Travel Log 13 “Connecting Rites of Passage and Digital Storytelling” by Aileen Sheluck – London, England

Dating all the way back to our seminars in November, we have been talking about rites of passage and how they come in many different forms. Some are huge, like marriage. Some are smaller, like getting a driver’s license or coming of age in whichever religion you may practice. Blumenkrantz and Goldstein talked about how in American society, there are no true, defined rites of passage, and it is confusing to adolescents when they truly have completed one. I agree with this to some degree. I think that it is confusing that we can drive at age 16, we can vote, get married, sign a contract, join the military, and buy cigarettes and age 18, but we cannot drink until age 21. This begs the question – when have I truly entered into my new self? I know that for me, I thought that a huge rite of passage in my life was getting my driver’s license. I’m young for my grade so I was the last of my friends to get it (people who were in the grade below me had their licenses before I had mine – some people had their licenses before I even had my permit).
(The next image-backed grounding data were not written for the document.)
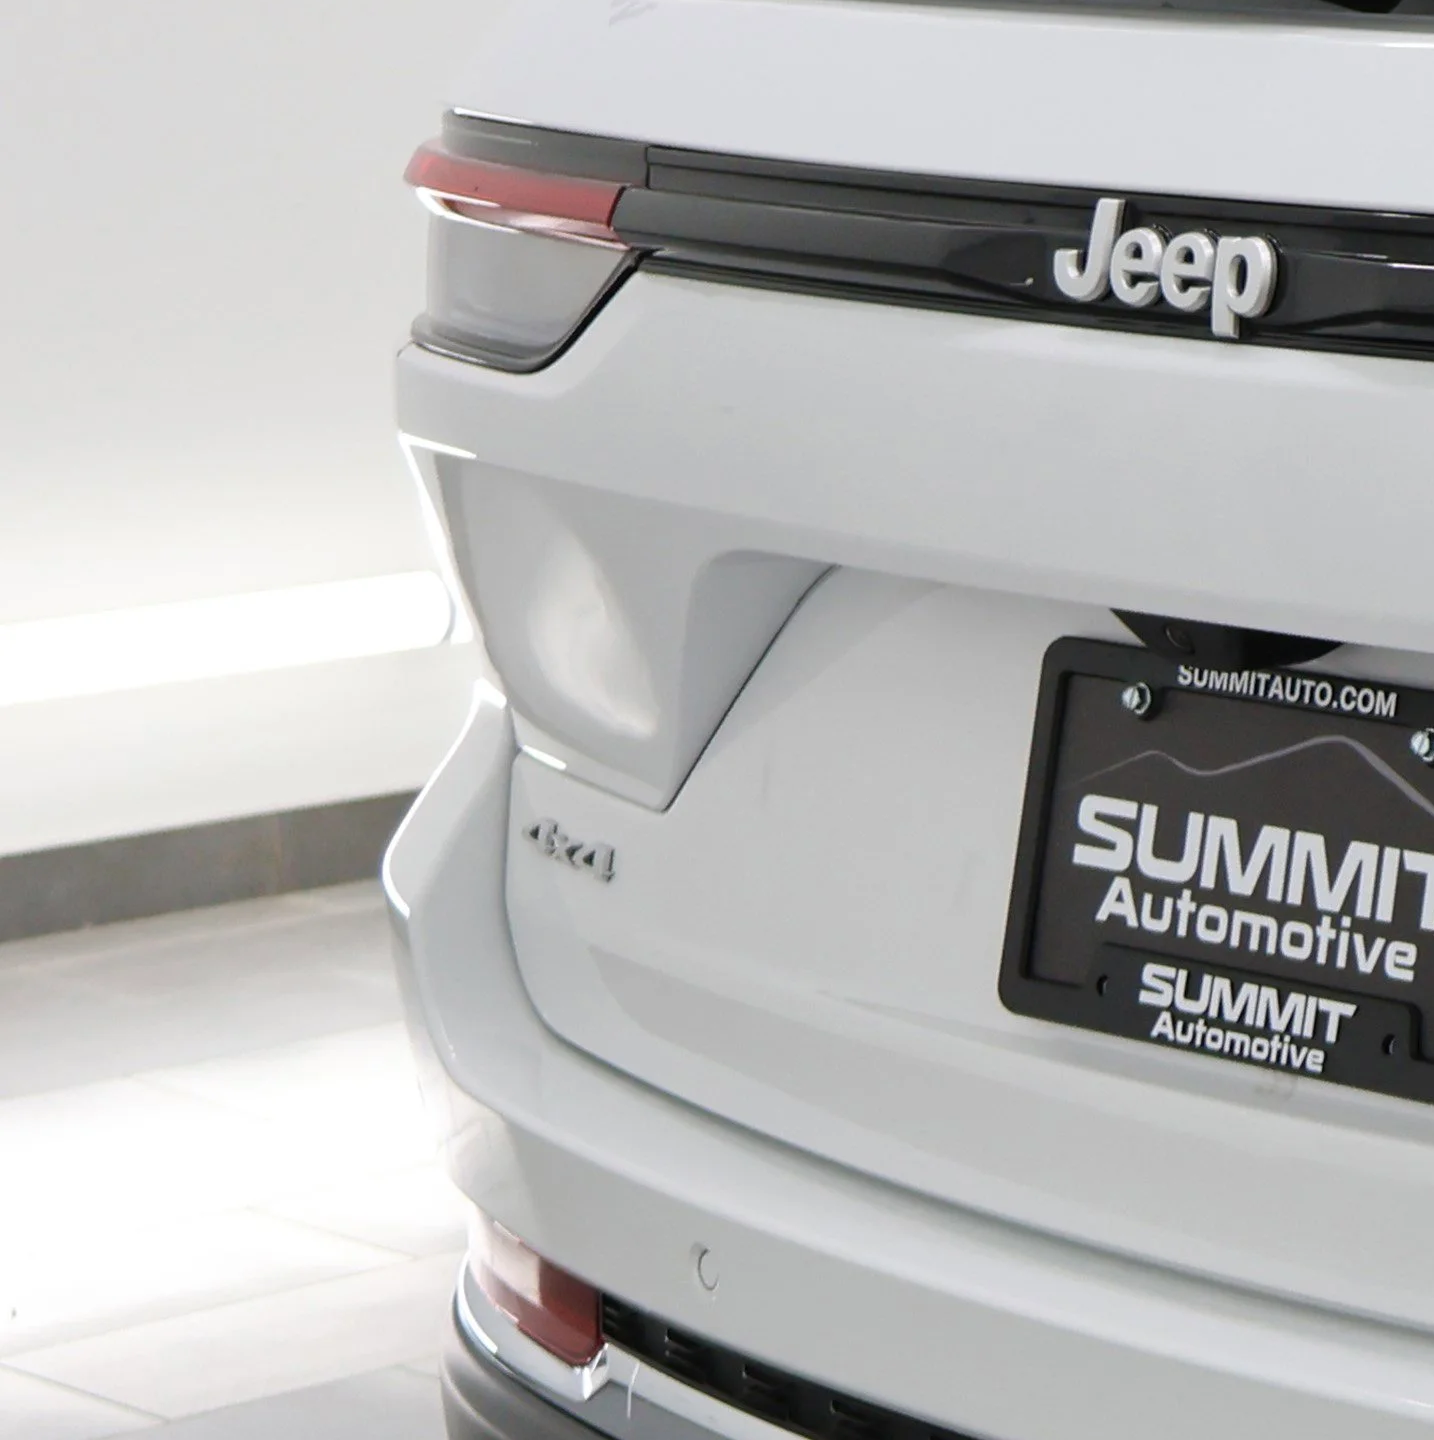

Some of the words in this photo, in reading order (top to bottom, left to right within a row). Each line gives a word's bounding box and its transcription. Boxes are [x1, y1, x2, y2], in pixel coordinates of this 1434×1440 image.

[1053, 197, 1278, 339] Jeep
[1177, 664, 1398, 718] SUMMITAUTO.COM
[1095, 876, 1418, 983] Automotive
[1138, 962, 1357, 1044] SUMMIT
[1151, 1011, 1326, 1074] Automotive
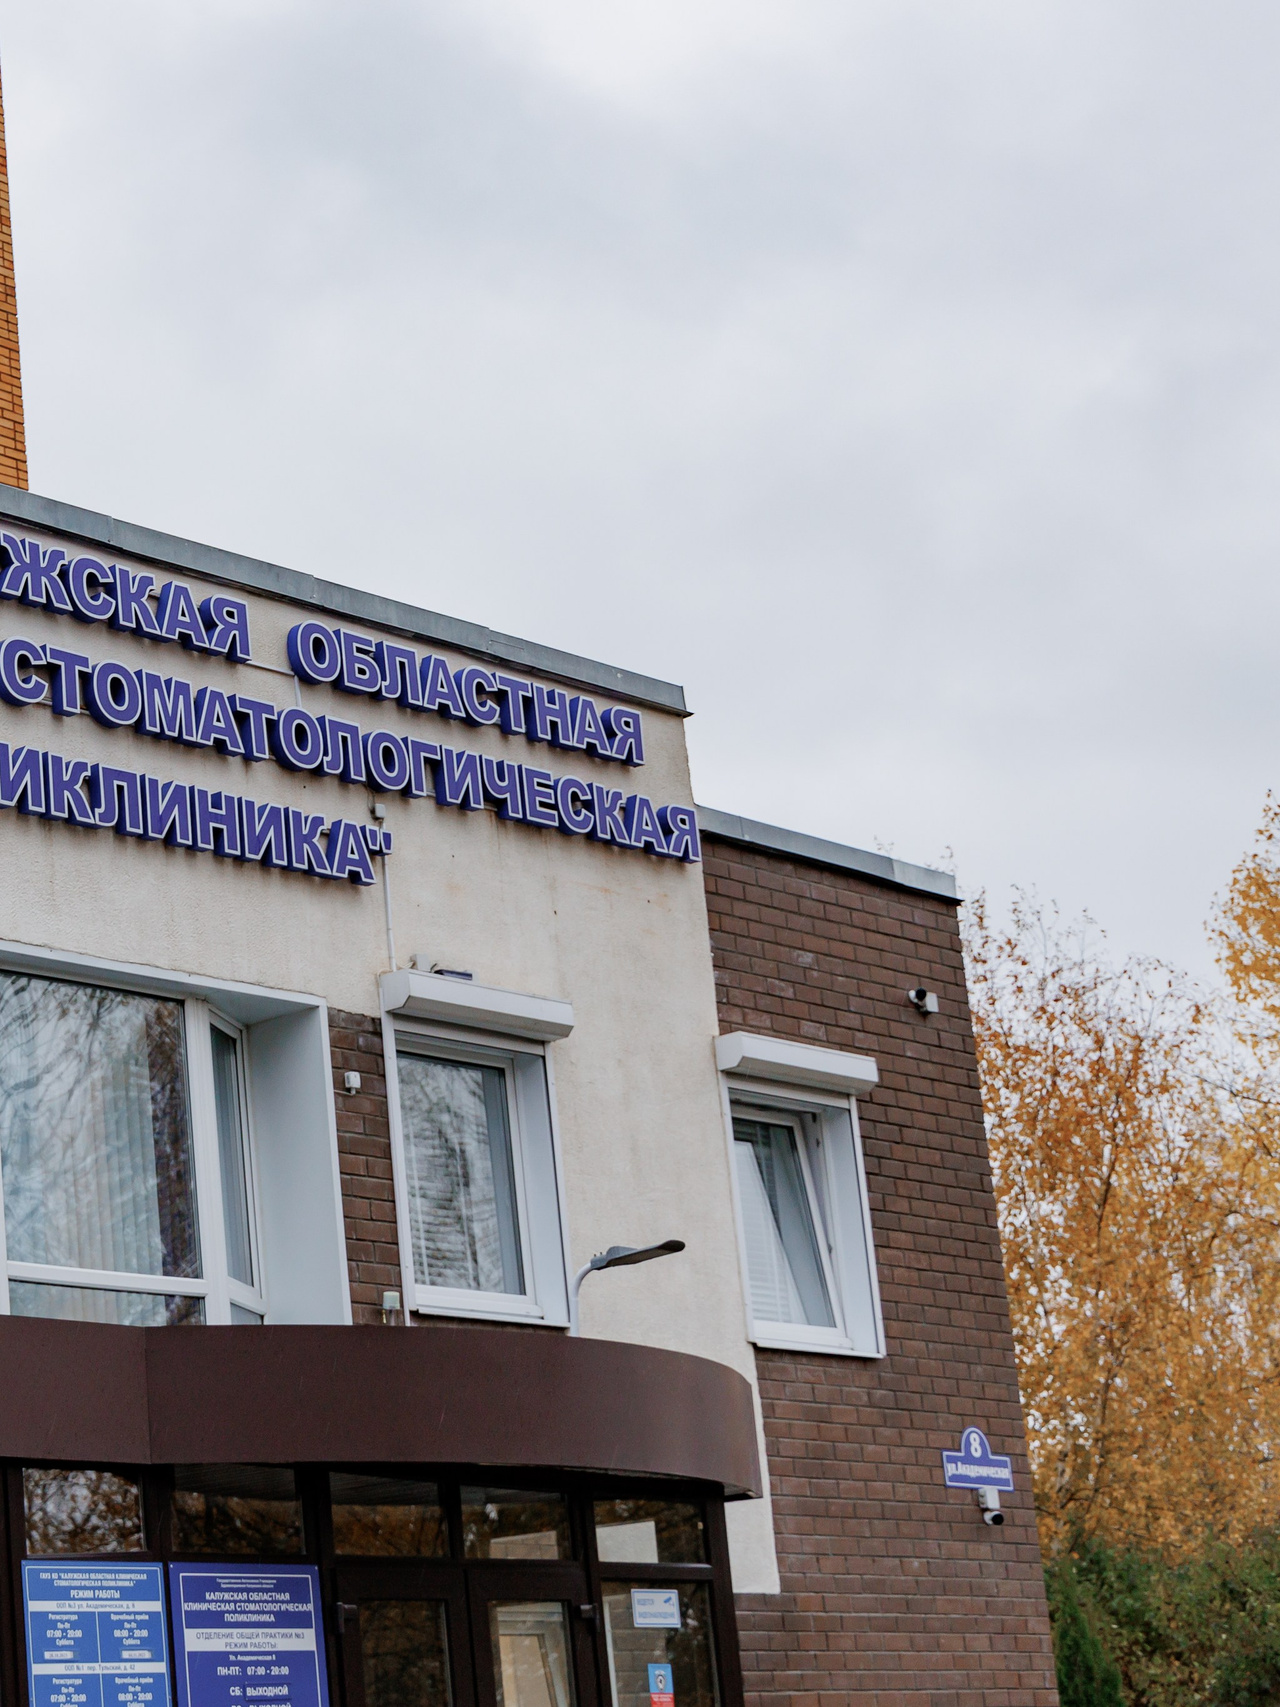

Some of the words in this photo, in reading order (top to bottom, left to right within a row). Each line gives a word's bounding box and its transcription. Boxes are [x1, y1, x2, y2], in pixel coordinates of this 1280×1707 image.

[287, 620, 645, 767] ОБЛАСТНАЯ
[969, 1432, 982, 1458] 8
[70, 1590, 94, 1599] РЕЖИМ
[94, 1590, 121, 1599] РАБОТЫ
[206, 1592, 248, 1600] КАЛУЖСКАЯ
[248, 1592, 290, 1600] ОБЛАСТНАЯ
[184, 1602, 235, 1611] КЛИНИЧЕСКАЯ
[236, 1602, 312, 1612] СТОМАТОЛОГИЧЕСКАЯ
[224, 1614, 275, 1622] ПОЛИКЛИНИКА
[46, 1630, 62, 1638] 07:00
[67, 1630, 82, 1638] 20:00
[134, 1630, 148, 1638] 20:00
[196, 1632, 234, 1640] ОТДЕЛЕНИЕ
[236, 1631, 260, 1640] ОБЩЕЙ
[261, 1632, 294, 1640] ПРАКТИКИ
[294, 1632, 304, 1640] №3
[224, 1642, 248, 1650] РЕЖИМ
[217, 1666, 242, 1676] ПН-ПТ:
[246, 1666, 266, 1676] 07:00
[270, 1666, 289, 1675] 20:00
[230, 1686, 243, 1696] СБ:
[246, 1685, 288, 1697] ВЫХОДНОЙ
[50, 1694, 66, 1702] 07:00
[72, 1694, 87, 1702] 20:00
[138, 1693, 152, 1701] 20:00
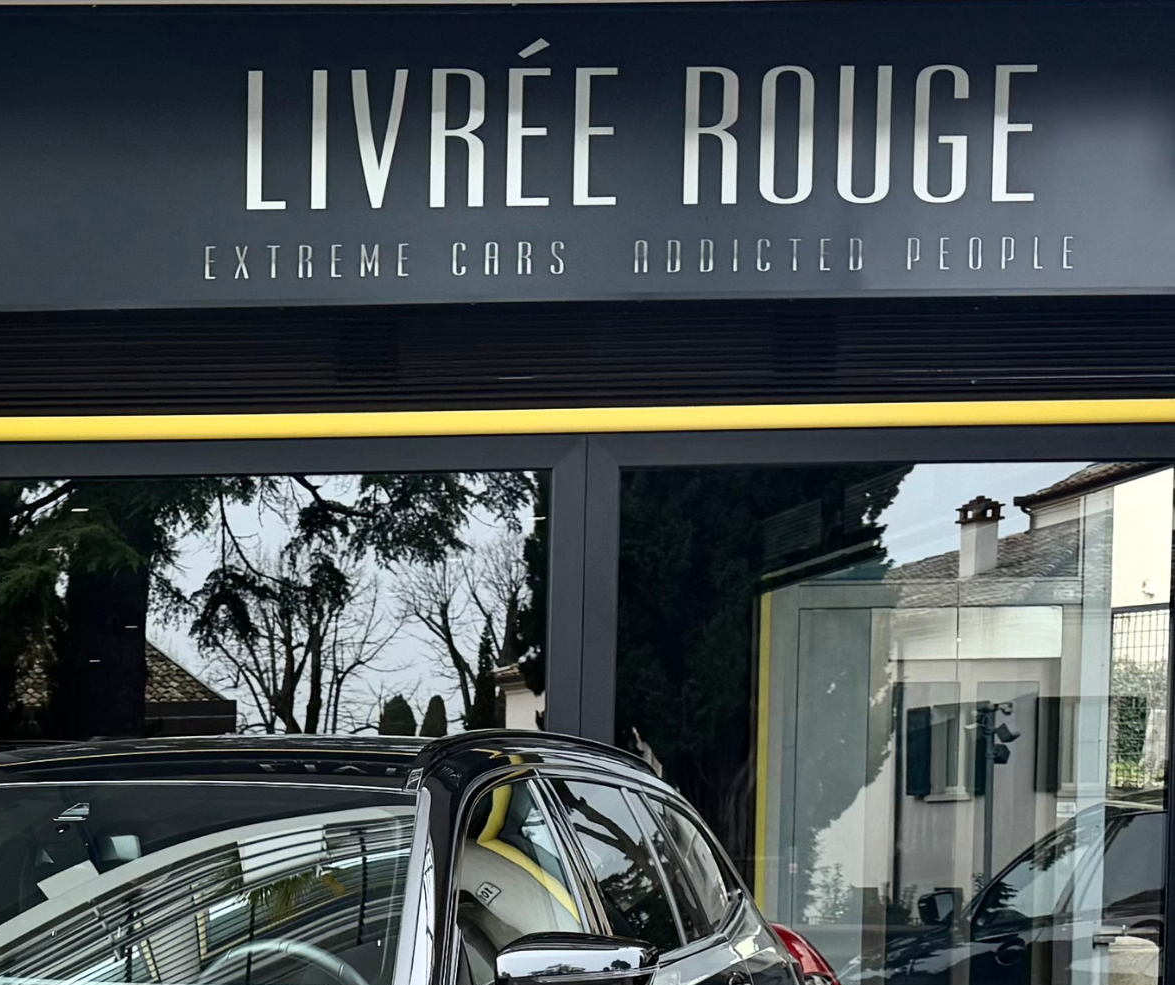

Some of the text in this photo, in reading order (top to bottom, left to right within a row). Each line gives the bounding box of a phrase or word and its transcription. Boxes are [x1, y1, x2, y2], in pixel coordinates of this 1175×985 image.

[245, 37, 1039, 211] LIVRÉE ROUGE
[203, 235, 1075, 281] EXTREME CARS ADDICTED PEOPLE
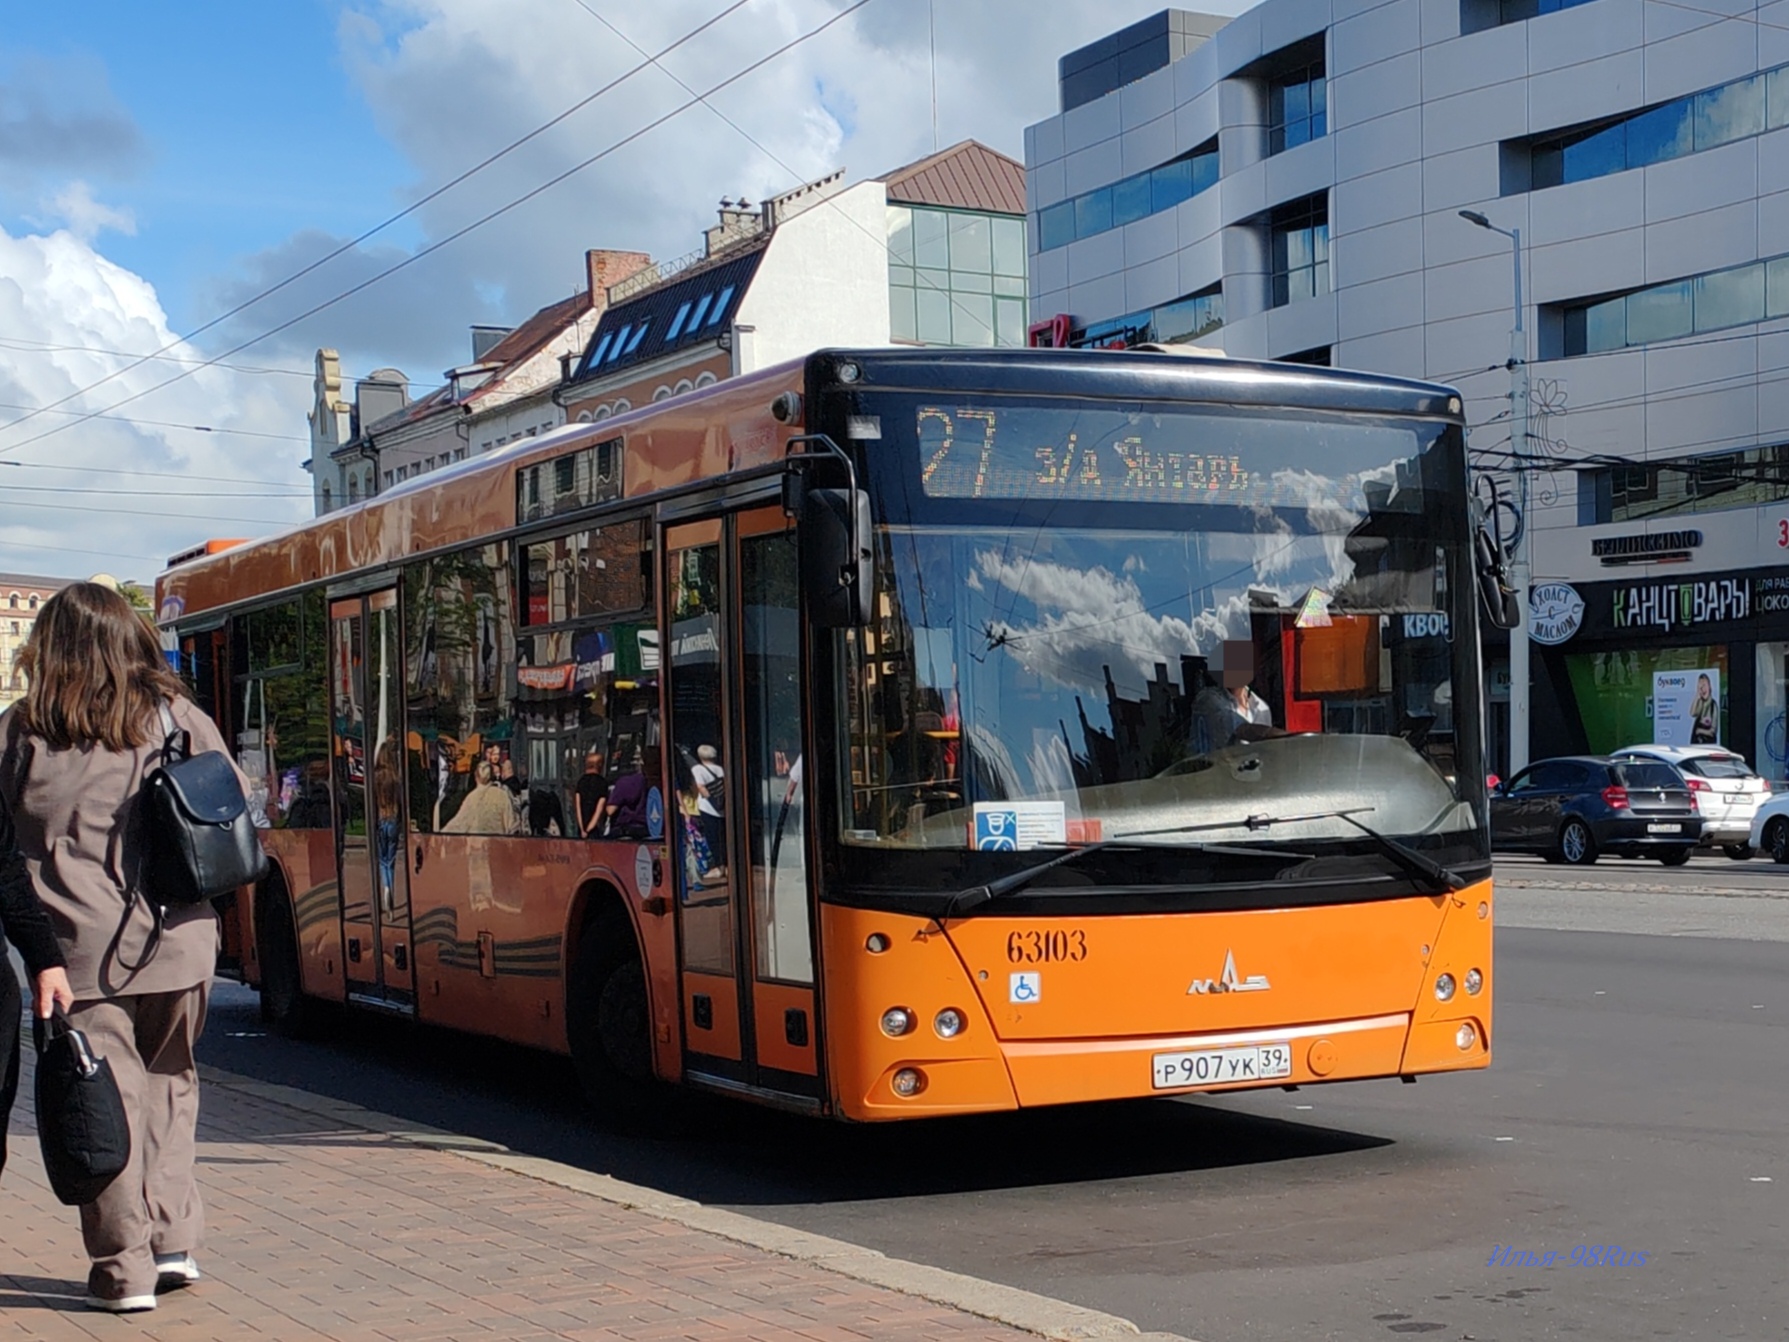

It never occurred to me that this may not even be considered a rite of passage. In the reading, it says, “The ages at which youth receive certain adult privileges (e.g., right to drive, right to vote, right to drink, etc.) are rather arbitrary and are not related to any actual competencies or maturity on the part of the individuals who gain those privileges” (Blumenkrantz 43). This is very interesting because Americans consider theses thing to be “rites of passage” for a teenager. But when you think about it, what have you really done? Have you actually transformed at all? Have you separated, entered the liminal phase, and reincorporated? Personally, I’ve never thought about this before, but by the definition of a rite of passage that we studied, none of these events are truly rites of passage at all.

America really does lack community-based rituals that really make a teenager feel like an adult. I think that this is a problem for the global community that not a lot of people consider. America is such a big world power. Americans have more opportunity to see the world and impact the world than a lot of other countries’ citizens. If we have no defined “rite of passage” or process that makes us truly mature and become an adult, I don’t think that we can really reach our full potential to make a positive impact on the global community. I’m not saying that just because we don’t have certain ceremonies to “induct” us into adulthood, we can’t have an impact on the world or better the global community. I just think that if we had the ability to really experience a change within ourselves, we might better be able to change the world.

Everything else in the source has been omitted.